EXERCISE DIRECTIONS — What needs reproducing is the run of lines in the data below starting at the line with "Some of the text" and ending at the line with "this 1707×1252 image.", both ends included. Copy it exactly, without pictures, and add nothing.

DATA FOR THIS EXERCISE —
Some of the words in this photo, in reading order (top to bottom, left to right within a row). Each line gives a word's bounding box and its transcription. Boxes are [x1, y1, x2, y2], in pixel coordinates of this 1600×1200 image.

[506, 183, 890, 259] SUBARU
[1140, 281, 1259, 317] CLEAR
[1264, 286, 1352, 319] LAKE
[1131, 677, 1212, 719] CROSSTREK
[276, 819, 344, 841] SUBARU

---

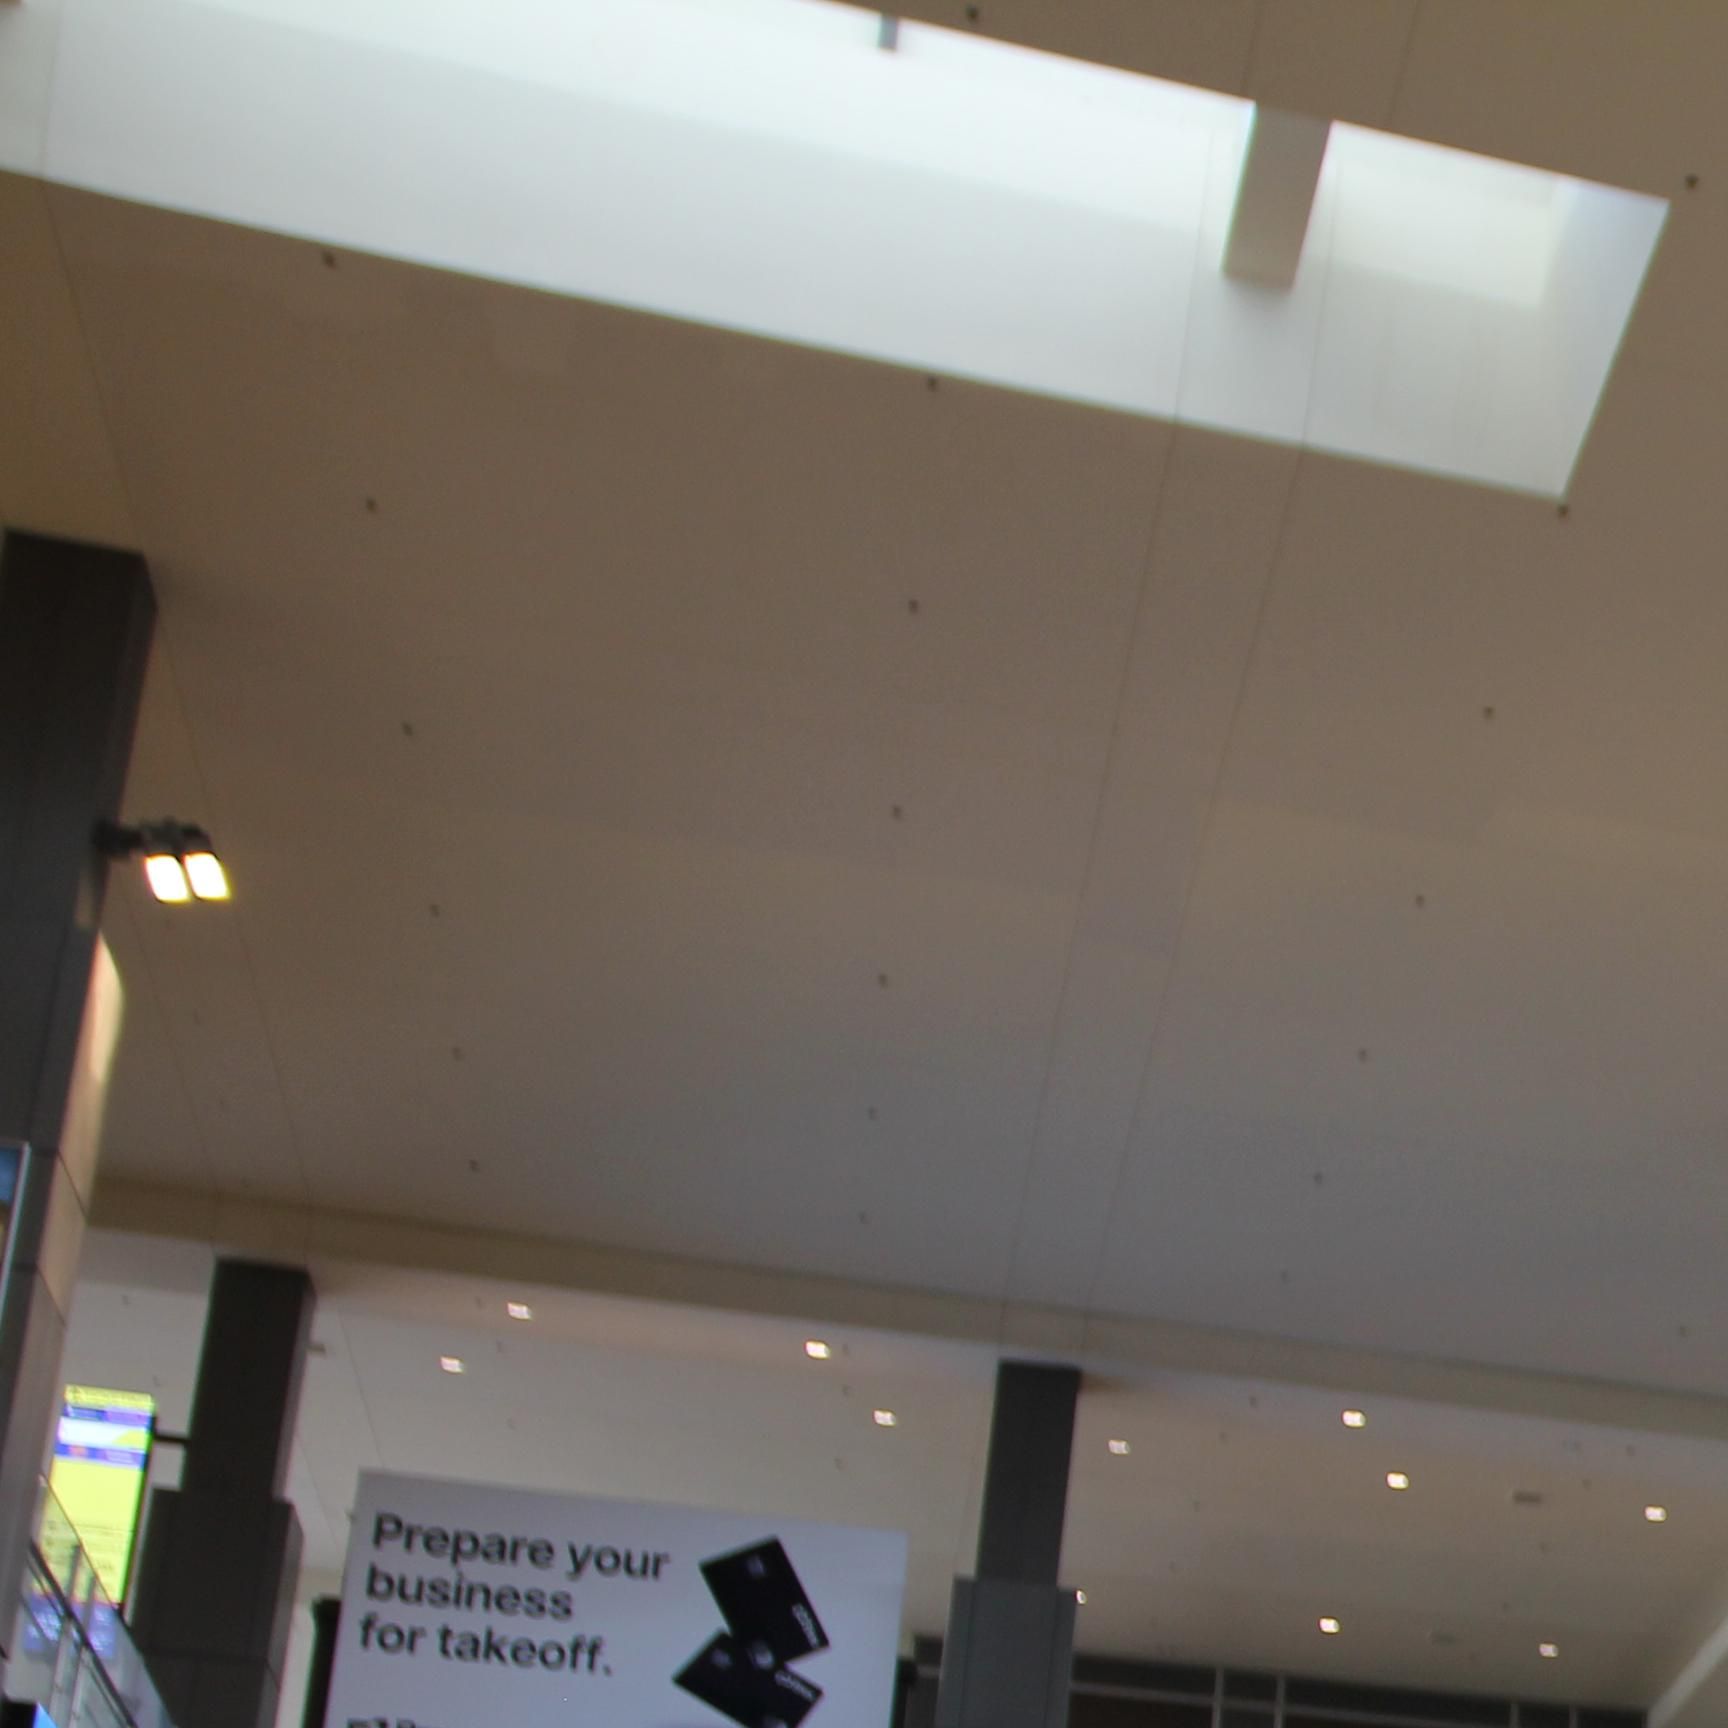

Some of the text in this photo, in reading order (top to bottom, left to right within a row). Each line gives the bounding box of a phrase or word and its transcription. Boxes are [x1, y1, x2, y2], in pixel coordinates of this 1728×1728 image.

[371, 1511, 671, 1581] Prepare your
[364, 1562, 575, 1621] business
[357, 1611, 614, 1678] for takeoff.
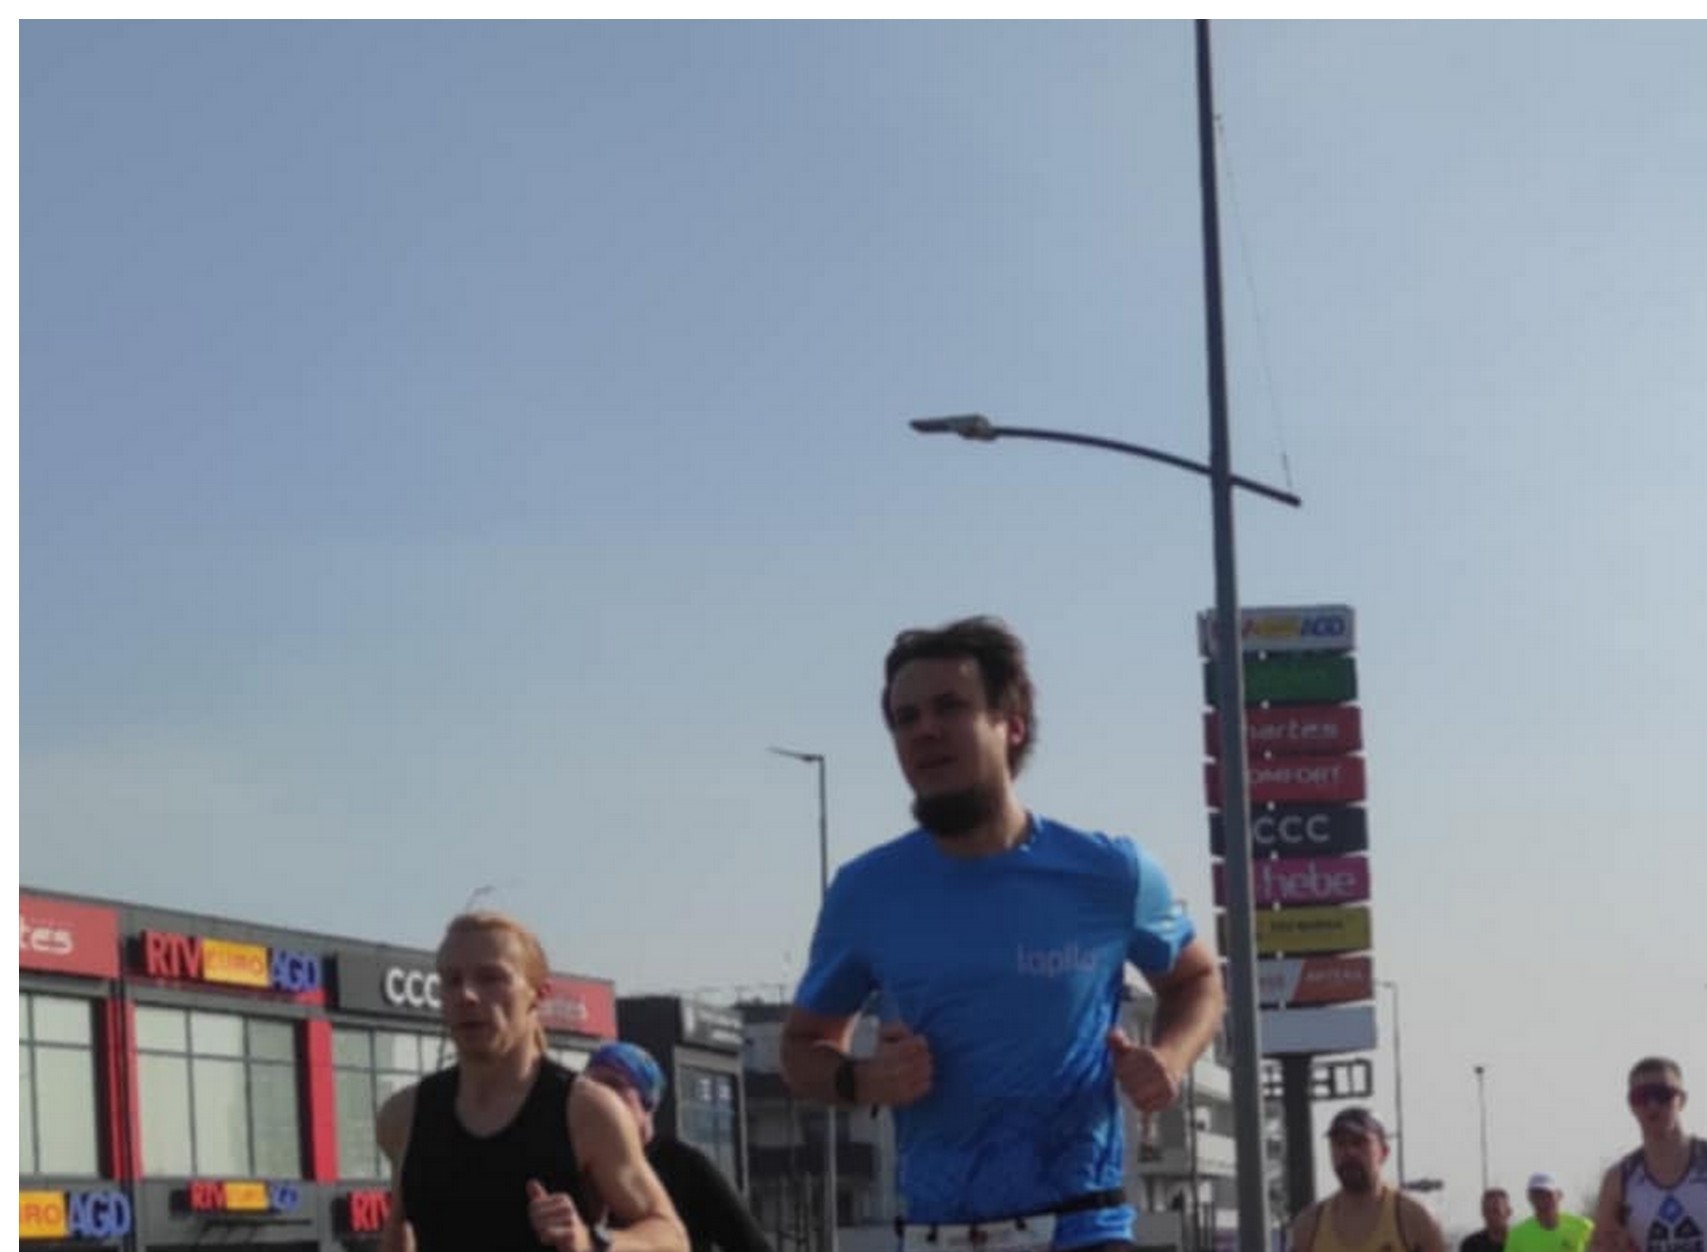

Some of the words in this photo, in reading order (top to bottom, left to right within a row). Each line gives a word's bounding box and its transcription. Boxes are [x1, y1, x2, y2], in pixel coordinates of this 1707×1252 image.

RESULT FOR THIS TASK —
Some of the text in this photo, in reading order (top to bottom, left to right within a row). Each line gives the bounding box of a phrase or word and its transcription. Boxes are [x1, y1, x2, y2], in pixel coordinates of this 1728×1728 image.

[371, 1511, 671, 1581] Prepare your
[364, 1562, 575, 1621] business
[357, 1611, 614, 1678] for takeoff.

Some of the words in this photo, in reading order (top to bottom, left to right within a row). Each line gives a word's bounding box and its transcription. Boxes are [x1, y1, x2, y2], in pixel coordinates of this 1707×1252 image.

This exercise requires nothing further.